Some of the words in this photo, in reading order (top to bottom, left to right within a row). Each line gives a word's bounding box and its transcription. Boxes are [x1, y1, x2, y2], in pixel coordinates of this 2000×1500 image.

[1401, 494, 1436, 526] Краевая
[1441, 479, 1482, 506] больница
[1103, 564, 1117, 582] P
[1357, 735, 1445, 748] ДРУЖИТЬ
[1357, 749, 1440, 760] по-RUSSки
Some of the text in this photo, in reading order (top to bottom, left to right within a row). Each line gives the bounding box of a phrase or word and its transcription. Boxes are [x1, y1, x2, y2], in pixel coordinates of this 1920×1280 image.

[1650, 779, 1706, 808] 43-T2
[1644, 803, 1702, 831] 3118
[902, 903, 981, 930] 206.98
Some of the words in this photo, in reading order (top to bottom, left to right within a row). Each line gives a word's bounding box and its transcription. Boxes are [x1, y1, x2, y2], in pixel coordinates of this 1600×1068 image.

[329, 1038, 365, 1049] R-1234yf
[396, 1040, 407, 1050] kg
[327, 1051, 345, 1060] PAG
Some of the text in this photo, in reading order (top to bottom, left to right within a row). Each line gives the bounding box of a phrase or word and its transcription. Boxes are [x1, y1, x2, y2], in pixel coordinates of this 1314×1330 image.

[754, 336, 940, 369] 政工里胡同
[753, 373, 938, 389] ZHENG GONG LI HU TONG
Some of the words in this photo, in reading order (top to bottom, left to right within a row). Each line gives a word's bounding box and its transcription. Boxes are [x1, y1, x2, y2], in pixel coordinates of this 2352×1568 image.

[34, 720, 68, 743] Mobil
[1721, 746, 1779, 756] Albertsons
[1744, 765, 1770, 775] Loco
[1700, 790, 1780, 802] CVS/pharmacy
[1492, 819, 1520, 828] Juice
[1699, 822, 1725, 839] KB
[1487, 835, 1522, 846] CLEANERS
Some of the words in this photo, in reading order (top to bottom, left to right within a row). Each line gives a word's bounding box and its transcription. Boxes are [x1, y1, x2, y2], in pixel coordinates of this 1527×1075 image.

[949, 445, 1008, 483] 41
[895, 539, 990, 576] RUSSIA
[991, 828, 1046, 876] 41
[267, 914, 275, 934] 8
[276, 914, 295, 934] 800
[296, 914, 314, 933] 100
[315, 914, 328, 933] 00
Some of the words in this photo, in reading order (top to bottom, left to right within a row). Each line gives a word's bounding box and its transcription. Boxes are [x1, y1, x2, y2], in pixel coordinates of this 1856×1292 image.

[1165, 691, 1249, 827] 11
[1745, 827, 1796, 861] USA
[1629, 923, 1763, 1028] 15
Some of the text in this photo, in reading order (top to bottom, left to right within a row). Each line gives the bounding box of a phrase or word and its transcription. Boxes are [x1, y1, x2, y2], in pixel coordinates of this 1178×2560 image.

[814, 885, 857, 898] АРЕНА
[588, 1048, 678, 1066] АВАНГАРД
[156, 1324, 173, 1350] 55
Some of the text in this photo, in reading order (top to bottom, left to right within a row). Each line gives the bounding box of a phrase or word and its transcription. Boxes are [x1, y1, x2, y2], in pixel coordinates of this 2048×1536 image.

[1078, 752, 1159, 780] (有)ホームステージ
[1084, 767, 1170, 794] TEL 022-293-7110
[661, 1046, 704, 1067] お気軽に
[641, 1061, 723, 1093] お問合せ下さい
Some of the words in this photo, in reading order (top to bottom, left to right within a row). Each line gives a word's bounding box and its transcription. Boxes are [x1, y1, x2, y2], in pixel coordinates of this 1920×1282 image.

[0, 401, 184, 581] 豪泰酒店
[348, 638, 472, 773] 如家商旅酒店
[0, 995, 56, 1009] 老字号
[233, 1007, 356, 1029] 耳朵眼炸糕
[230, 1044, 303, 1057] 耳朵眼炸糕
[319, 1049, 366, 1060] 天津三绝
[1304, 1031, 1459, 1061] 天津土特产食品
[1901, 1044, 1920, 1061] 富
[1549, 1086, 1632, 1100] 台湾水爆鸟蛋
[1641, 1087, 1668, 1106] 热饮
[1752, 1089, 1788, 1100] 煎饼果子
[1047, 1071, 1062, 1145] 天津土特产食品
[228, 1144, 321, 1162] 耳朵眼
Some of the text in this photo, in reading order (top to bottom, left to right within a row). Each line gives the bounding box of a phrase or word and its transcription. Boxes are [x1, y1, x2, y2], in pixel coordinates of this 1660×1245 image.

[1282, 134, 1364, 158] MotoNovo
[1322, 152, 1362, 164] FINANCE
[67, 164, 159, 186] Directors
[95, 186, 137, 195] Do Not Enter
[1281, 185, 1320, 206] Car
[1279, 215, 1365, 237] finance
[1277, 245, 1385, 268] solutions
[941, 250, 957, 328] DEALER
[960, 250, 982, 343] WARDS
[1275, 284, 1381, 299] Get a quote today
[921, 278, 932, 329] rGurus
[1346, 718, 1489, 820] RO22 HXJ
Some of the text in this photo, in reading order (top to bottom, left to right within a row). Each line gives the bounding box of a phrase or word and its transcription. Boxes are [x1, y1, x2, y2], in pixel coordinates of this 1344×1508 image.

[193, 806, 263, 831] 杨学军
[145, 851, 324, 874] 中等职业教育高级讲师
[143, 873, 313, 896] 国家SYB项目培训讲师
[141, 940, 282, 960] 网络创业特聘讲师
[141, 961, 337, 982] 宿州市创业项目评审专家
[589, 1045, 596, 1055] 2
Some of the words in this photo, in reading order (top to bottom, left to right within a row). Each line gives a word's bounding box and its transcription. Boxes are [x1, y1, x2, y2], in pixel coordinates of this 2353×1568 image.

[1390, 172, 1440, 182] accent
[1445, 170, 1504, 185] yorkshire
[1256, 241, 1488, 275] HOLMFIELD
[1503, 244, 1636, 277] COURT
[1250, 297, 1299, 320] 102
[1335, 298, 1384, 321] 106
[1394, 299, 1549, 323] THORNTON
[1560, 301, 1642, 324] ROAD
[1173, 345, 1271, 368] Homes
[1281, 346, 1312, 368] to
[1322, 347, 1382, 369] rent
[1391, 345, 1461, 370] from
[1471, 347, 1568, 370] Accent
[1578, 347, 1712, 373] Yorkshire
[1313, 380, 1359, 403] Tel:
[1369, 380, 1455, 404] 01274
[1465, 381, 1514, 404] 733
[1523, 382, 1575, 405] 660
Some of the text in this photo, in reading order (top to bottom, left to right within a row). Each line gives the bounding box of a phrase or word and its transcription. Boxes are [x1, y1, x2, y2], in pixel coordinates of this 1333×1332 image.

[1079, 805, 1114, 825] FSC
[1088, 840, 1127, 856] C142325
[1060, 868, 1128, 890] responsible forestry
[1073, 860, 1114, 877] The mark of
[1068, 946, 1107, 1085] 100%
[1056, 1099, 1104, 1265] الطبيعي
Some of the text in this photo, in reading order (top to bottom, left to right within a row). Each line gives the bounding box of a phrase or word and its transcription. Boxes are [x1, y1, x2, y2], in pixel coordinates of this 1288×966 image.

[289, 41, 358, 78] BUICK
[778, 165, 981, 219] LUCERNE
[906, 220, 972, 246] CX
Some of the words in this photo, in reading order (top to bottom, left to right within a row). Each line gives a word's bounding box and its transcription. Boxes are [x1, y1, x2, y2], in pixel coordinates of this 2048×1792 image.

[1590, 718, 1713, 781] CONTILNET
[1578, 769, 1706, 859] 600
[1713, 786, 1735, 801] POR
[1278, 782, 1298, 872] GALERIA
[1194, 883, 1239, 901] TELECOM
□ □ □ □ □ □ □
• Exercise instructions: The entries are to be retyped in full, with no alteration.

• Response area:
Some of the words in this photo, in reading order (top to bottom, left to right within a row). Each line gives a word's bounding box and its transcription. Boxes are [x1, y1, x2, y2], in pixel coordinates of this 2000×1500 image.

[1401, 494, 1436, 526] Краевая
[1441, 479, 1482, 506] больница
[1103, 564, 1117, 582] P
[1357, 735, 1445, 748] ДРУЖИТЬ
[1357, 749, 1440, 760] по-RUSSки
Some of the text in this photo, in reading order (top to bottom, left to right within a row). Each line gives the bounding box of a phrase or word and its transcription. Boxes are [x1, y1, x2, y2], in pixel coordinates of this 1920×1280 image.

[1650, 779, 1706, 808] 43-T2
[1644, 803, 1702, 831] 3118
[902, 903, 981, 930] 206.98
Some of the words in this photo, in reading order (top to bottom, left to right within a row). Each line gives a word's bounding box and its transcription. Boxes are [x1, y1, x2, y2], in pixel coordinates of this 1600×1068 image.

[329, 1038, 365, 1049] R-1234yf
[396, 1040, 407, 1050] kg
[327, 1051, 345, 1060] PAG
Some of the text in this photo, in reading order (top to bottom, left to right within a row). Each line gives the bounding box of a phrase or word and its transcription. Boxes are [x1, y1, x2, y2], in pixel coordinates of this 1314×1330 image.

[754, 336, 940, 369] 政工里胡同
[753, 373, 938, 389] ZHENG GONG LI HU TONG
Some of the words in this photo, in reading order (top to bottom, left to right within a row). Each line gives a word's bounding box and its transcription. Boxes are [x1, y1, x2, y2], in pixel coordinates of this 2352×1568 image.

[34, 720, 68, 743] Mobil
[1721, 746, 1779, 756] Albertsons
[1744, 765, 1770, 775] Loco
[1700, 790, 1780, 802] CVS/pharmacy
[1492, 819, 1520, 828] Juice
[1699, 822, 1725, 839] KB
[1487, 835, 1522, 846] CLEANERS
Some of the words in this photo, in reading order (top to bottom, left to right within a row). Each line gives a word's bounding box and its transcription. Boxes are [x1, y1, x2, y2], in pixel coordinates of this 1527×1075 image.

[949, 445, 1008, 483] 41
[895, 539, 990, 576] RUSSIA
[991, 828, 1046, 876] 41
[267, 914, 275, 934] 8
[276, 914, 295, 934] 800
[296, 914, 314, 933] 100
[315, 914, 328, 933] 00
Some of the words in this photo, in reading order (top to bottom, left to right within a row). Each line gives a word's bounding box and its transcription. Boxes are [x1, y1, x2, y2], in pixel coordinates of this 1856×1292 image.

[1165, 691, 1249, 827] 11
[1745, 827, 1796, 861] USA
[1629, 923, 1763, 1028] 15
Some of the text in this photo, in reading order (top to bottom, left to right within a row). Each line gives the bounding box of a phrase or word and its transcription. Boxes are [x1, y1, x2, y2], in pixel coordinates of this 1178×2560 image.

[814, 885, 857, 898] АРЕНА
[588, 1048, 678, 1066] АВАНГАРД
[156, 1324, 173, 1350] 55
Some of the text in this photo, in reading order (top to bottom, left to right within a row). Each line gives the bounding box of a phrase or word and its transcription. Boxes are [x1, y1, x2, y2], in pixel coordinates of this 2048×1536 image.

[1078, 752, 1159, 780] (有)ホームステージ
[1084, 767, 1170, 794] TEL 022-293-7110
[661, 1046, 704, 1067] お気軽に
[641, 1061, 723, 1093] お問合せ下さい
Some of the words in this photo, in reading order (top to bottom, left to right within a row). Each line gives a word's bounding box and its transcription. Boxes are [x1, y1, x2, y2], in pixel coordinates of this 1920×1282 image.

[0, 401, 184, 581] 豪泰酒店
[348, 638, 472, 773] 如家商旅酒店
[0, 995, 56, 1009] 老字号
[233, 1007, 356, 1029] 耳朵眼炸糕
[230, 1044, 303, 1057] 耳朵眼炸糕
[319, 1049, 366, 1060] 天津三绝
[1304, 1031, 1459, 1061] 天津土特产食品
[1901, 1044, 1920, 1061] 富
[1549, 1086, 1632, 1100] 台湾水爆鸟蛋
[1641, 1087, 1668, 1106] 热饮
[1752, 1089, 1788, 1100] 煎饼果子
[1047, 1071, 1062, 1145] 天津土特产食品
[228, 1144, 321, 1162] 耳朵眼
Some of the text in this photo, in reading order (top to bottom, left to right within a row). Each line gives the bounding box of a phrase or word and its transcription. Boxes are [x1, y1, x2, y2], in pixel coordinates of this 1660×1245 image.

[1282, 134, 1364, 158] MotoNovo
[1322, 152, 1362, 164] FINANCE
[67, 164, 159, 186] Directors
[95, 186, 137, 195] Do Not Enter
[1281, 185, 1320, 206] Car
[1279, 215, 1365, 237] finance
[1277, 245, 1385, 268] solutions
[941, 250, 957, 328] DEALER
[960, 250, 982, 343] WARDS
[1275, 284, 1381, 299] Get a quote today
[921, 278, 932, 329] rGurus
[1346, 718, 1489, 820] RO22 HXJ
Some of the text in this photo, in reading order (top to bottom, left to right within a row). Each line gives the bounding box of a phrase or word and its transcription. Boxes are [x1, y1, x2, y2], in pixel coordinates of this 1344×1508 image.

[193, 806, 263, 831] 杨学军
[145, 851, 324, 874] 中等职业教育高级讲师
[143, 873, 313, 896] 国家SYB项目培训讲师
[141, 940, 282, 960] 网络创业特聘讲师
[141, 961, 337, 982] 宿州市创业项目评审专家
[589, 1045, 596, 1055] 2
Some of the words in this photo, in reading order (top to bottom, left to right within a row). Each line gives a word's bounding box and its transcription. Boxes are [x1, y1, x2, y2], in pixel coordinates of this 2353×1568 image.

[1390, 172, 1440, 182] accent
[1445, 170, 1504, 185] yorkshire
[1256, 241, 1488, 275] HOLMFIELD
[1503, 244, 1636, 277] COURT
[1250, 297, 1299, 320] 102
[1335, 298, 1384, 321] 106
[1394, 299, 1549, 323] THORNTON
[1560, 301, 1642, 324] ROAD
[1173, 345, 1271, 368] Homes
[1281, 346, 1312, 368] to
[1322, 347, 1382, 369] rent
[1391, 345, 1461, 370] from
[1471, 347, 1568, 370] Accent
[1578, 347, 1712, 373] Yorkshire
[1313, 380, 1359, 403] Tel:
[1369, 380, 1455, 404] 01274
[1465, 381, 1514, 404] 733
[1523, 382, 1575, 405] 660
Some of the text in this photo, in reading order (top to bottom, left to right within a row). Each line gives the bounding box of a phrase or word and its transcription. Boxes are [x1, y1, x2, y2], in pixel coordinates of this 1333×1332 image.

[1079, 805, 1114, 825] FSC
[1088, 840, 1127, 856] C142325
[1060, 868, 1128, 890] responsible forestry
[1073, 860, 1114, 877] The mark of
[1068, 946, 1107, 1085] 100%
[1056, 1099, 1104, 1265] الطبيعي
Some of the text in this photo, in reading order (top to bottom, left to right within a row). Each line gives the bounding box of a phrase or word and its transcription. Boxes are [x1, y1, x2, y2], in pixel coordinates of this 1288×966 image.

[289, 41, 358, 78] BUICK
[778, 165, 981, 219] LUCERNE
[906, 220, 972, 246] CX
Some of the words in this photo, in reading order (top to bottom, left to right within a row). Each line gives a word's bounding box and its transcription. Boxes are [x1, y1, x2, y2], in pixel coordinates of this 2048×1792 image.

[1590, 718, 1713, 781] CONTILNET
[1578, 769, 1706, 859] 600
[1713, 786, 1735, 801] POR
[1278, 782, 1298, 872] GALERIA
[1194, 883, 1239, 901] TELECOM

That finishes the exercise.